Doch insgesamt haben wir in unserem Dorf nicht mehr genug Häuser für alle. Bald wird es richtig kalt. Wenn es in den nächsten Tagen regnet oder stürmt, können die Menschen nicht ohne ein sicheres Dach über dem Kopf überleben. Es gibt gerade einmal genug Zelte, um Frauen und Kinder darin unterzubringen. Die Männer schlafen im Freien. Wir suchen händeringend nach Lösungen dafür. Es wäre ein Traum, wenn in dieser Situation Baucontainer gestellt würden, in denen die Betroffenen übernachten könnten. Das wäre die schnellste und effektivste Übergangslösung für die gesamte vom Erdbeben betroffene Region.

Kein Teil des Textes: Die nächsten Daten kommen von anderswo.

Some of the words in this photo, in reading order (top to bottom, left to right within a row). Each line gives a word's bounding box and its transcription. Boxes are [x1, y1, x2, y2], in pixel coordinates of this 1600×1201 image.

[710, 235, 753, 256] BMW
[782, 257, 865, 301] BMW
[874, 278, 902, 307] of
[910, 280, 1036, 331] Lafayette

Mein Vater ist in Agrd Noudoz aufgewachsen, er kam in den 80er Jahren nach Deutschland. Auch ich habe bis zu meinem sechsten Lebensjahr dort gelebt, meine Kindheit dort verbracht. Mein Vater und ich beschlossen sofort, in unsere Heimat zu fliegen und im Dorf zu helfen. Noch in Deutschland richteten wir einen Moneypool bei Paypal ein, um Geldspenden für unser Dorf zu sammeln. Wir sind am Montagabend nach Marrakesch geflogen, von dort aus ging es runter in Richtung Tischka, so nennt sich die Route ins Atlasgebirge. 

Um drei Uhr morgens kamen wir in Agrd Noudoz an. Dort haben wir erst mal nach unserem Haus geschaut. Es steht zum Glück noch, so konnten wir in unserem Haus meine beiden Tanten aufnehmen, deren Haus nicht mehr steht, und zu Hause schlafen. Wir hatten Angst vor Nachbeben und waren sehr unruhig.

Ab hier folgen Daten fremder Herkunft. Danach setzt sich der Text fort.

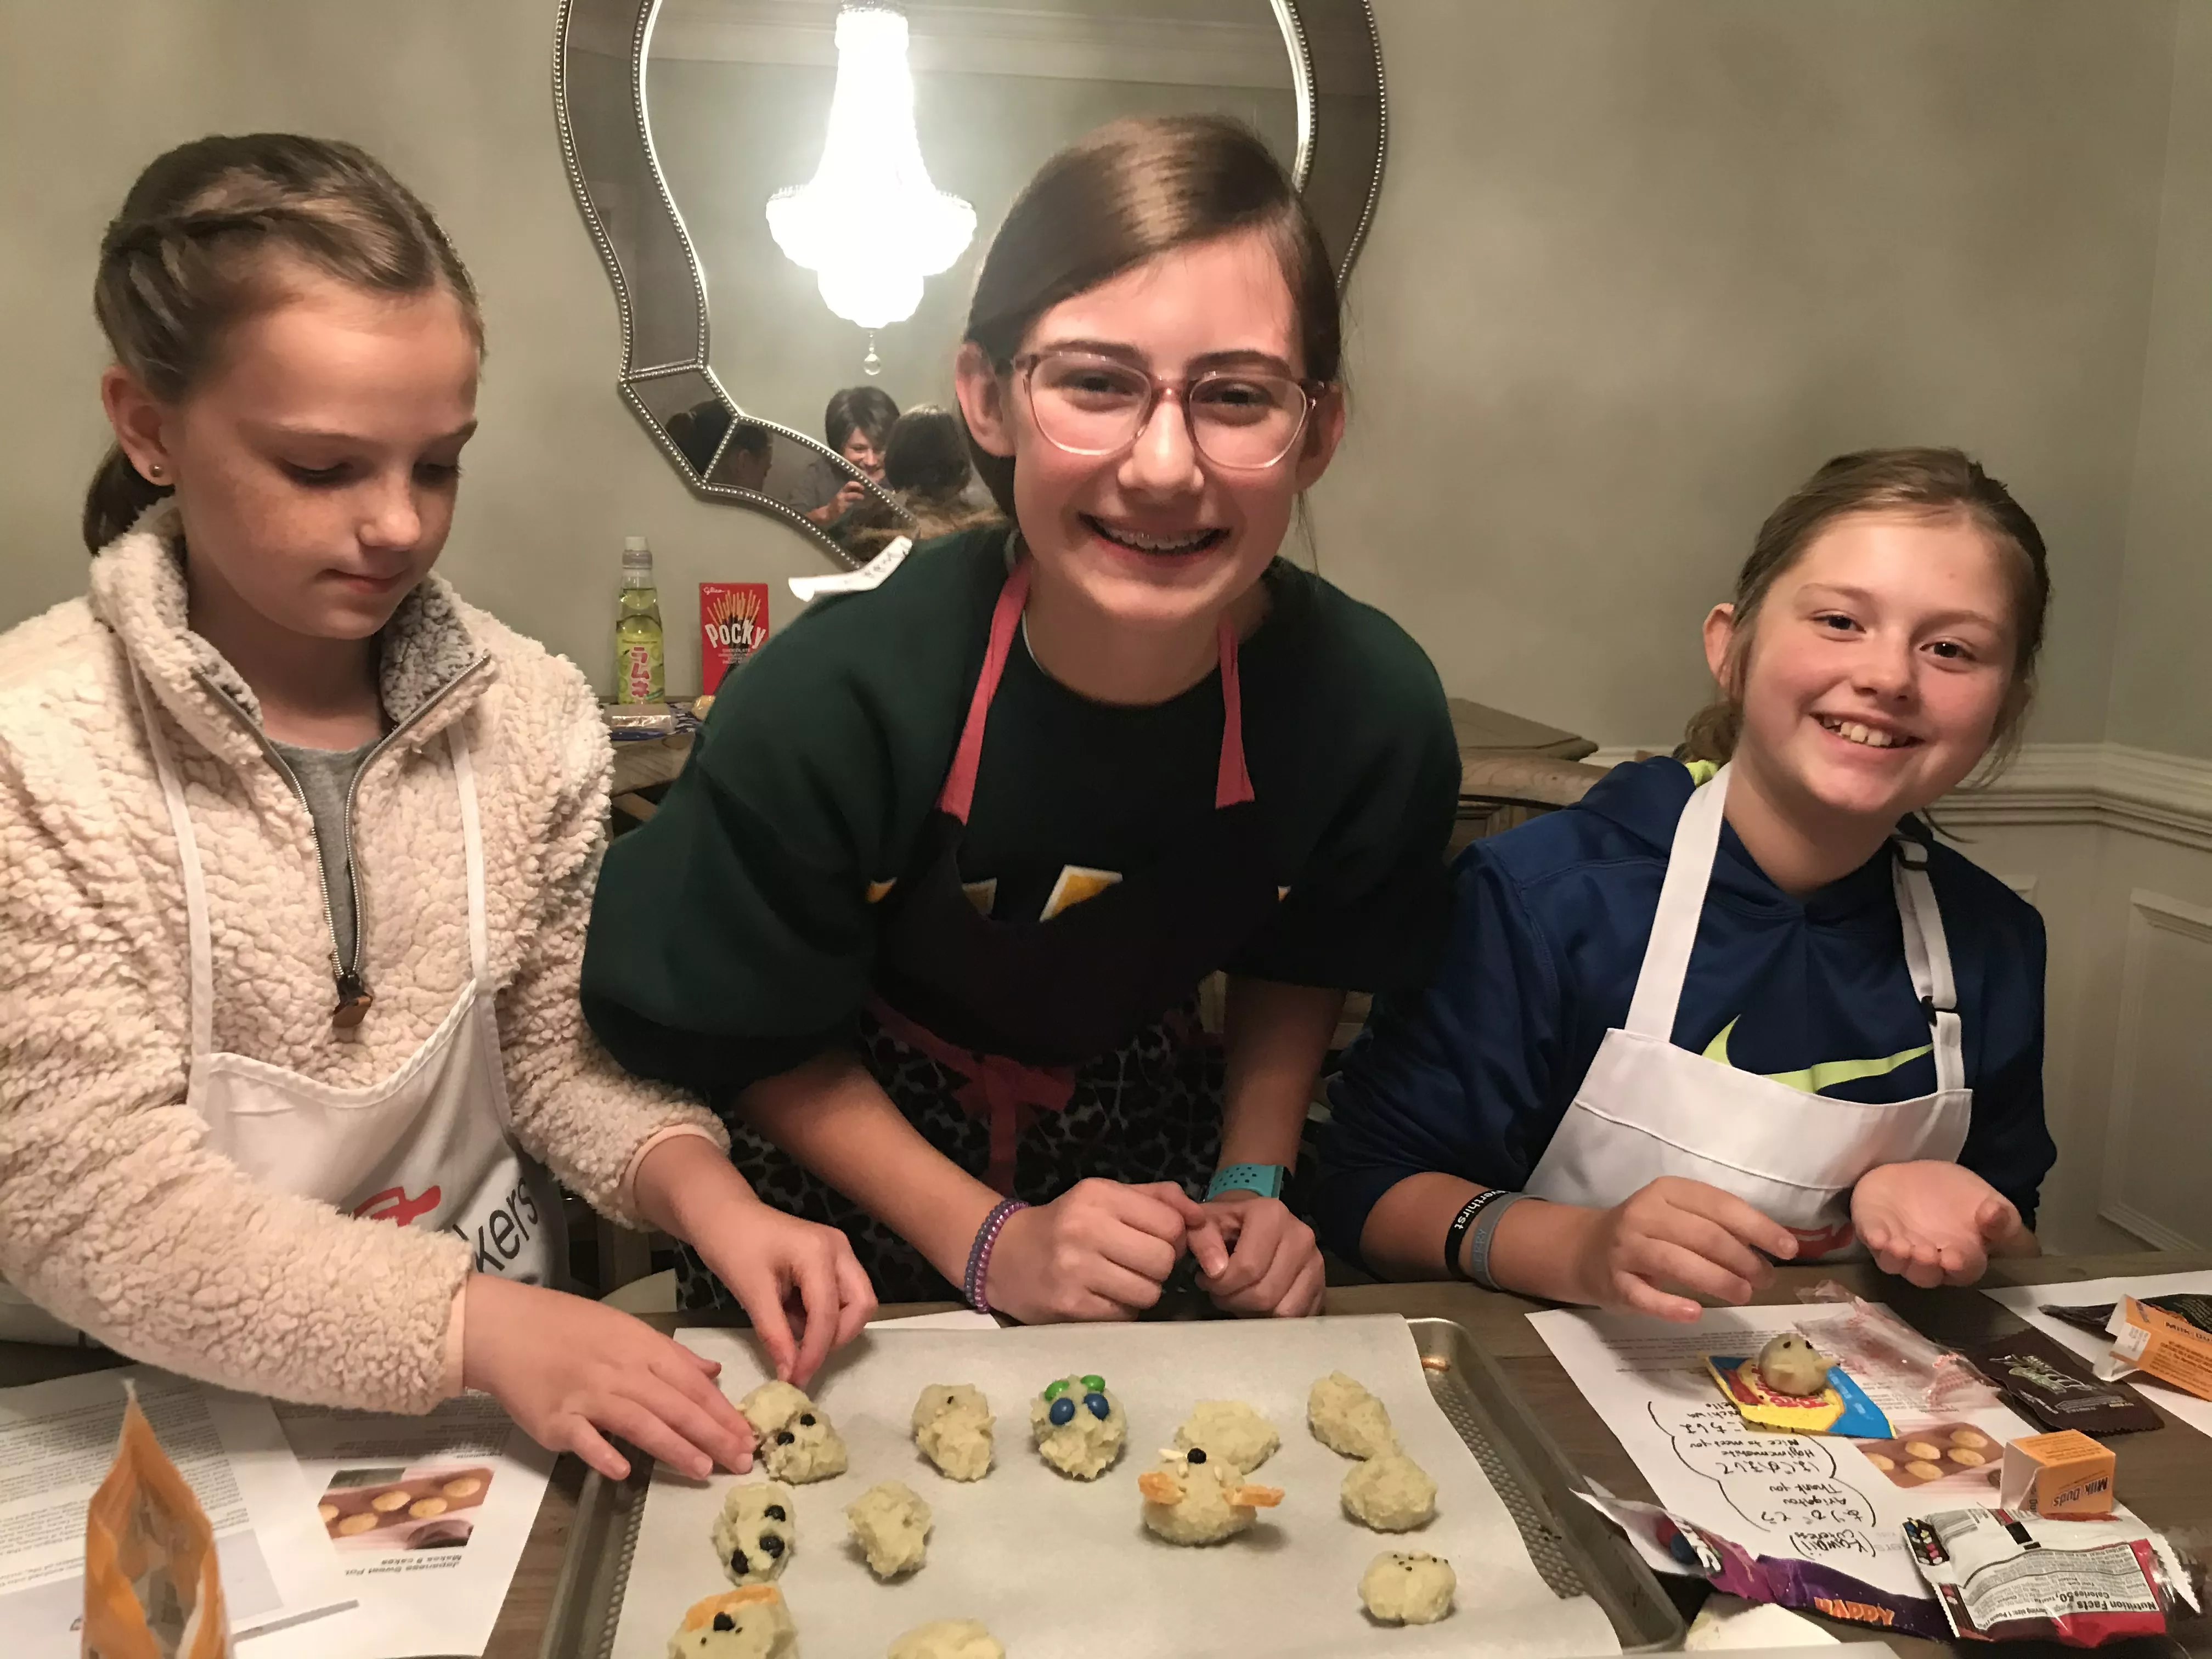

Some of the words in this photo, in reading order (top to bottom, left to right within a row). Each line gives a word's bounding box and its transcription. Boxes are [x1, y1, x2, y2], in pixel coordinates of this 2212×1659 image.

[704, 619, 766, 650] POCKY
[631, 646, 650, 697] ラムネ
[1690, 1438, 1712, 1448] you
[1747, 1439, 1763, 1448] to
[1768, 1483, 1793, 1493] you
[1795, 1484, 1842, 1495] Thank
[2084, 1476, 2108, 1497] Milk
[2052, 1487, 2081, 1508] Duds
[368, 1566, 402, 1575] Sweet
[405, 1561, 460, 1572] Japanese
[2074, 1590, 2110, 1600] Calories
[2076, 1600, 2108, 1611] Facts
[2109, 1600, 2157, 1612] Nutrition

Am nächsten Morgen bin ich durch das Dorf gezogen, um mir einen Überblick über die Situation zu verschaffen. Ich habe mir die Schäden, den Schutt und die Trümmer angesehen, Fotos davon gemacht. Dann habe ich geschaut, wo Hilfe gerade am dringendsten gebraucht wird. Die vergangenen Tage haben wir vor allem einsturzgefährdete Häuser leer geräumt. Viele halten hier Zuchttiere in Ställen, die auch zusammengestürzt sind. Die überlebenden Tiere haben wir in die Ställe gebracht, die das Erdbeben überstanden haben. Am Tag meiner Ankunft kamen auch mehrere LKWs und Einsatzkräfte, die die marokkanische Regierung geschickt hatte, um die Region zu versorgen und Überlebende aus dem Schutt herauszuziehen. Es wurden Zelte, Decken und Lebensmittelpakete verteilt. Die Dorfbewohner haben Hilfeaufrufe über Facebook veröffentlicht und weitergeleitet.

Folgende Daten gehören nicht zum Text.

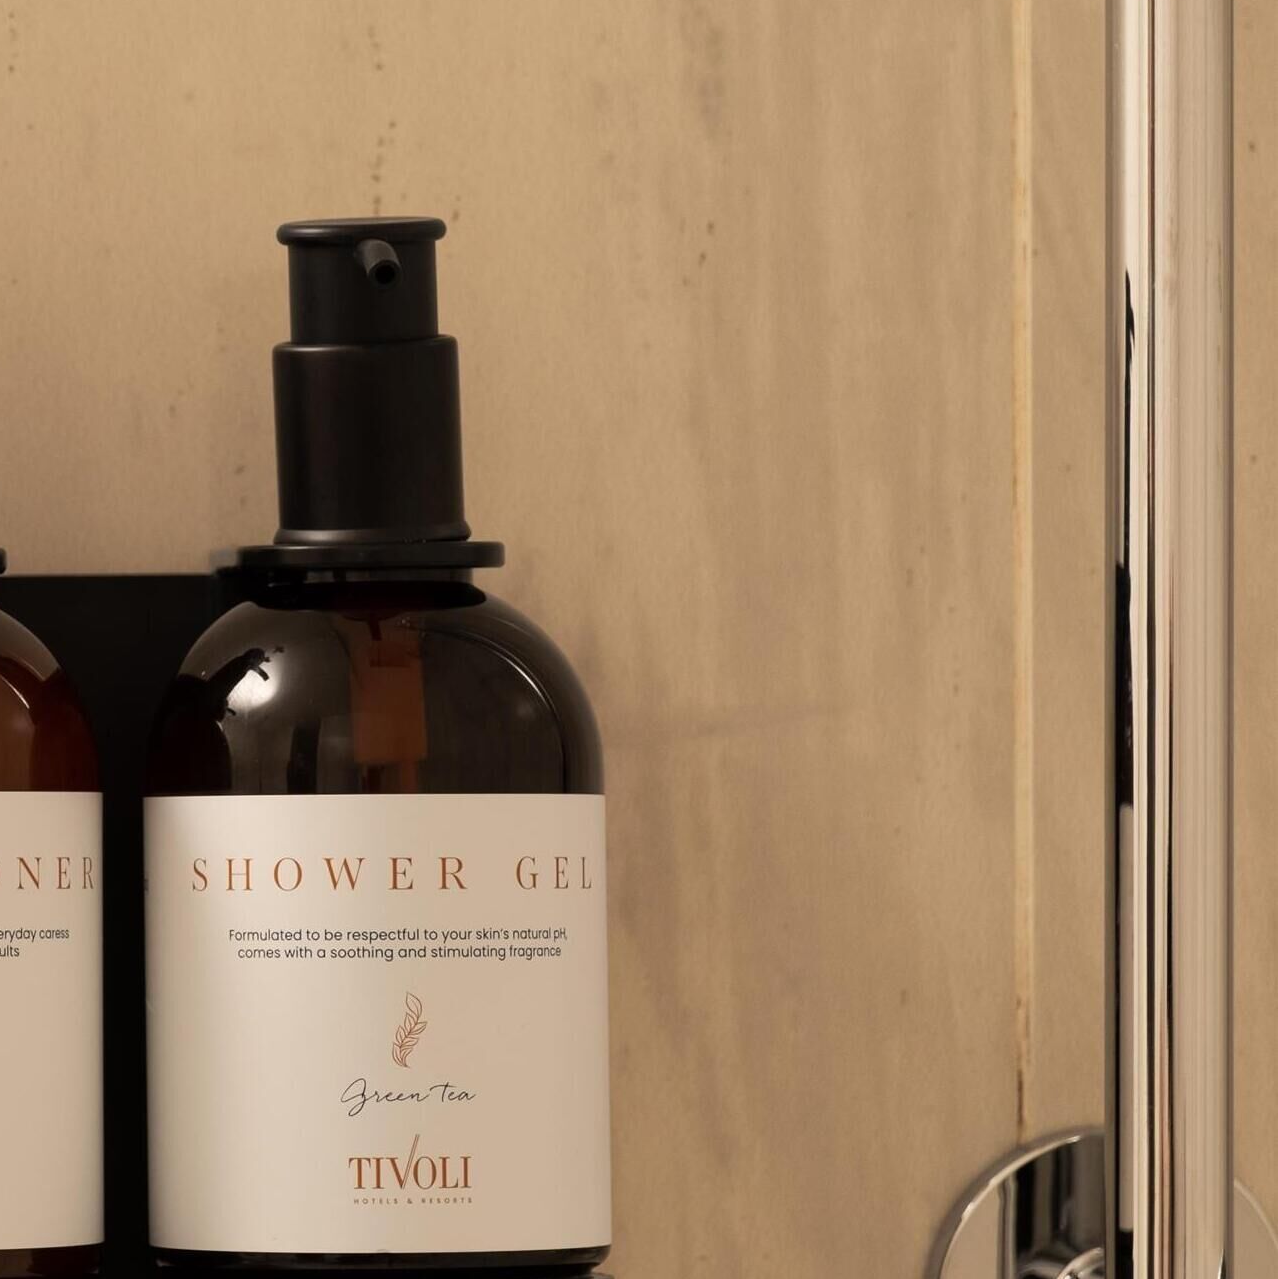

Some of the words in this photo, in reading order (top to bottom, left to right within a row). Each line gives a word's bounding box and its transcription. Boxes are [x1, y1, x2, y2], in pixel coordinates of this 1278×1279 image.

[192, 856, 468, 892] SHOWER
[515, 855, 592, 890] GEL
[38, 929, 70, 939] caress
[228, 929, 302, 941] Formulated
[305, 929, 321, 941] to
[323, 929, 343, 941] be
[346, 928, 420, 943] respectful
[422, 929, 439, 941] to
[441, 930, 472, 943] your
[511, 928, 552, 940] natural
[237, 947, 281, 959] comes
[283, 946, 314, 959] with
[316, 947, 327, 959] a
[330, 946, 394, 962] soothing
[397, 946, 427, 958] and
[430, 946, 507, 961] stimulating
[508, 945, 562, 961] fragrance
[341, 1078, 428, 1117] Green
[429, 1082, 476, 1104] Tea
[349, 1134, 471, 1190] TIVOLI
[353, 1197, 399, 1206] HOTELS
[420, 1196, 473, 1205] RESORTS
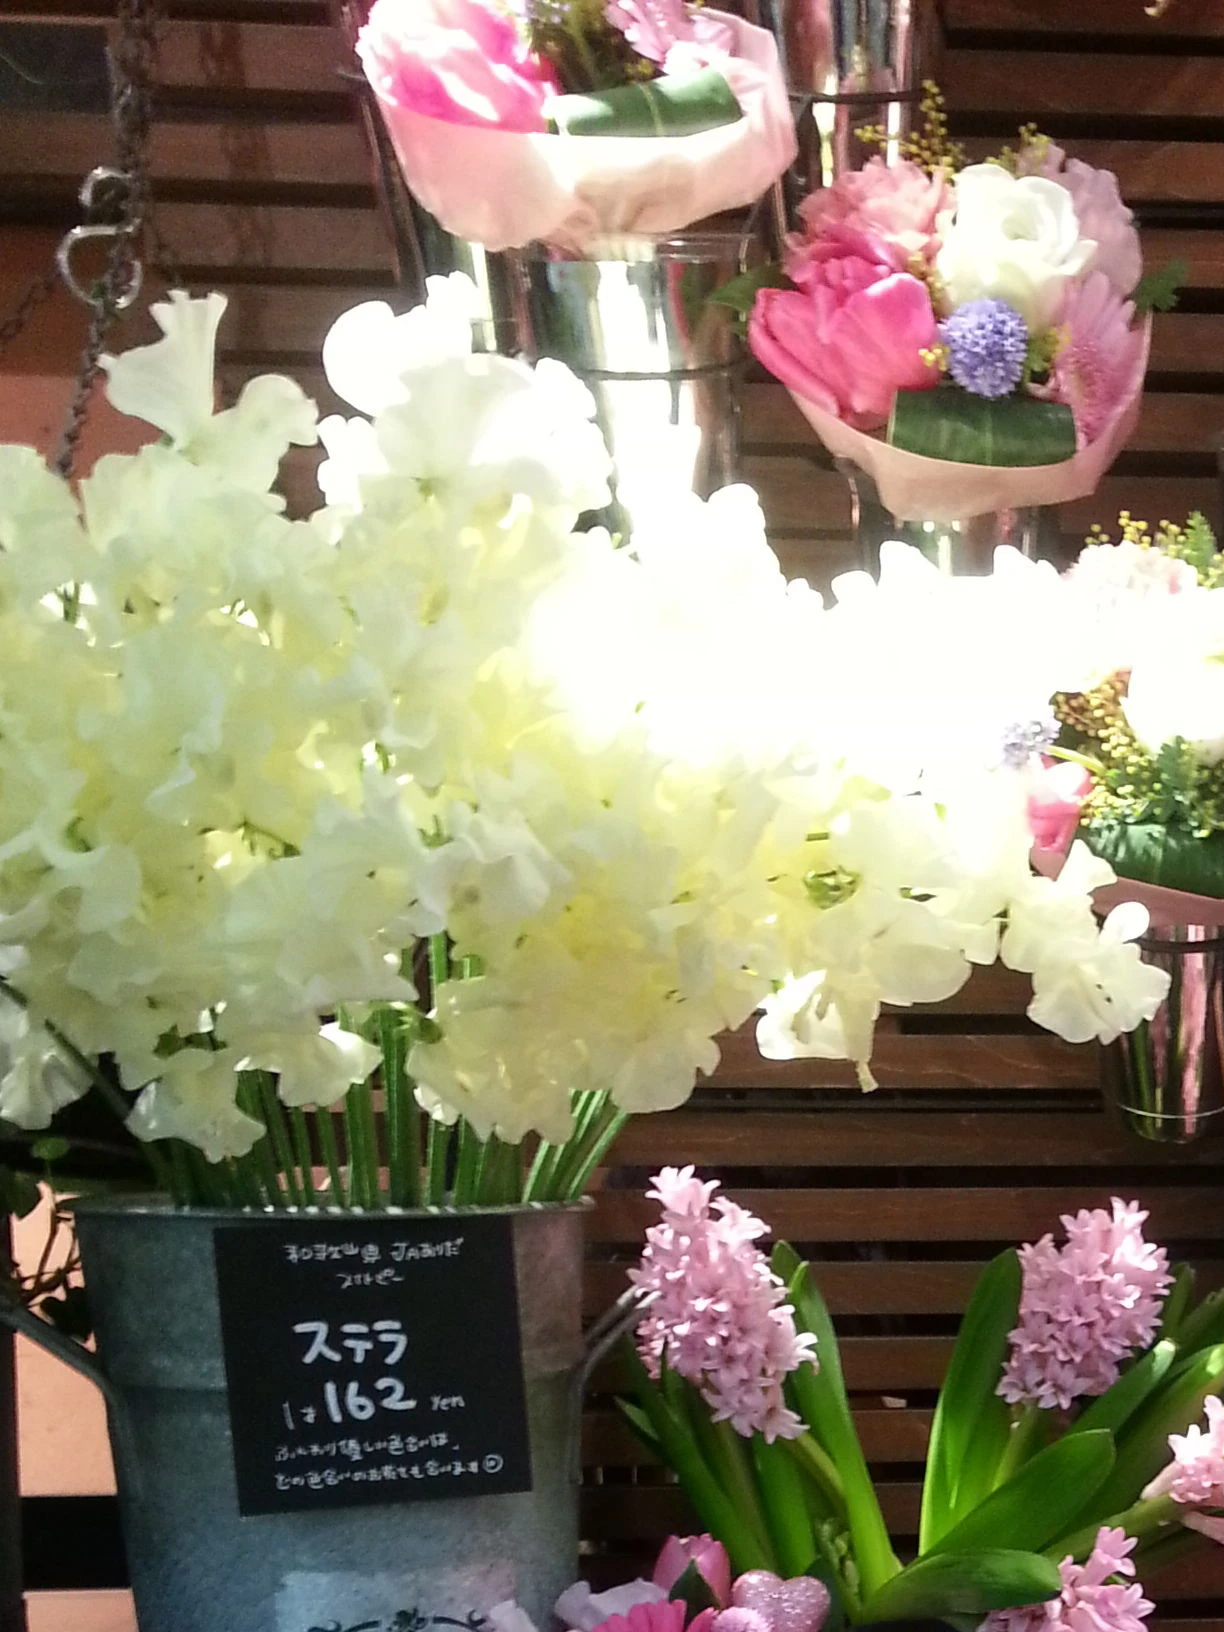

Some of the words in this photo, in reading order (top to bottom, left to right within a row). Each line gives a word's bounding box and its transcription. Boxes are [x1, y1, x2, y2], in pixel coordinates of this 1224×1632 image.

[293, 1319, 409, 1365] ステラ
[324, 1376, 418, 1424] 162
[430, 1394, 466, 1411] yen

Im ganzen Land wurden Spenden gesammelt und aus nördlicher gelegenen Städten wie Tanger und Rabat, die von dem Erdbeben nicht so stark getroffen wurden, in das Dorf gebracht. Es kamen aber auch viel Unterstützung und Spenden aus Marrakesch. Decken und Lebensmittel gibt es genug, zumindest in unserem Dorf.

Im ganzen Land wurden Spenden gesammelt und aus nördlicher gelegenen Städten wie Tanger und Rabat, die von dem Erdbeben nicht so stark getroffen wurden, in das Dorf gebracht. Es kamen aber auch viel Unterstützung und Spenden aus Marrakesch. Decken und Lebensmittel gibt es genug, zumindest in unserem Dorf.

Vor Ort habe ich gesehen, wie alle mit angepackt haben. Diese Hilfsbereitschaft in Agrd Noudoz hat mich gerührt. Es gibt in der Region aber auch Orte, in denen keine Hilfe ankommt. Auf manchen Straßen kann niemand fahren, weil sie komplett verschüttet sind. Ein Dorf in der Region wurde fast ausgelöscht, mehr als 80 Prozent der Bevölkerung sind gestorben.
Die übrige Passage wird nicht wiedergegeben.